(25c) Engineered mRNA-Lnp Platform Enables Spleen-Targeted CAR-T Cell Engineering In Vivo

Chimeric antigen receptor (CAR)-T cell therapy has demonstrated remarkable success in treating hematologic malignancies and autoimmune diseases. However, conventional CAR-T therapies face critical limitations, including complex ex vivo manufacturing, high costs, and long-term toxicities, driving the need for in vivo CAR-T platforms. To address this, we developed a novel mRNA-LNP system engineered for high-efficiency, T cell-specific delivery of CAR-encoding constructs while minimizing off-target effects.

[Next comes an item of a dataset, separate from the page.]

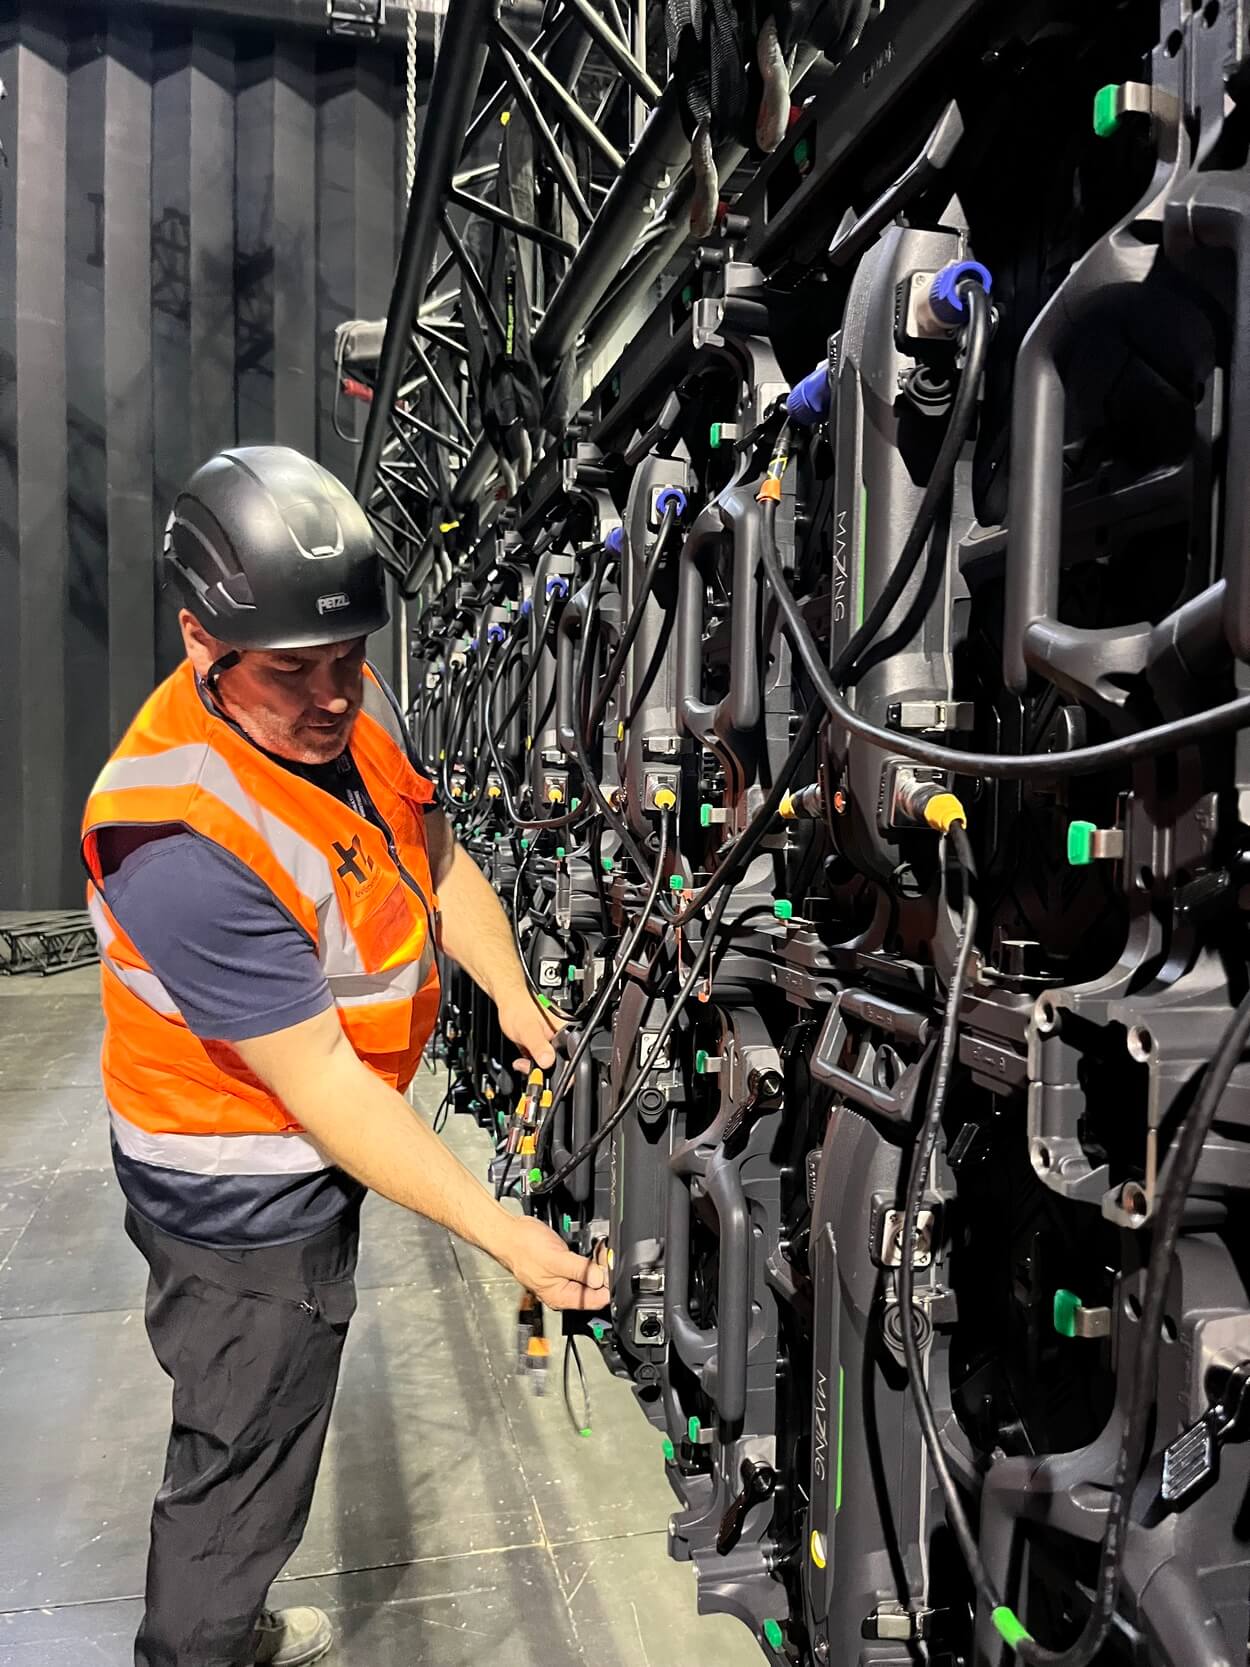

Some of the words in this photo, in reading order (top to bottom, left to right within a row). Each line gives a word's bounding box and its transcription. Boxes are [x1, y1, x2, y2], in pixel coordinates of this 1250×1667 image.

Conventional LNPs predominantly accumulate in the liver, limiting their ability to effectively target the spleen, where harbors a large population of resident T cells. By rationally redesigning ionizable lipids and optimizing LNP formulations, we developed mRNA-LNPs with enhanced spleen tropism and improved T cell specificity following systemic administration. These optimized particles exhibited a 4-fold increase in splenic accumulation and a 3.5-fold enhancement in mRNA expression within splenic T cells compared to the control group. In comparison with FDA-approved LNP standards, our formulation demonstrated significantly higher T cell transfection efficiency and reduced off-target distribution, showing its potential as a next-generation platform for in vivo CAR-T cell therapies.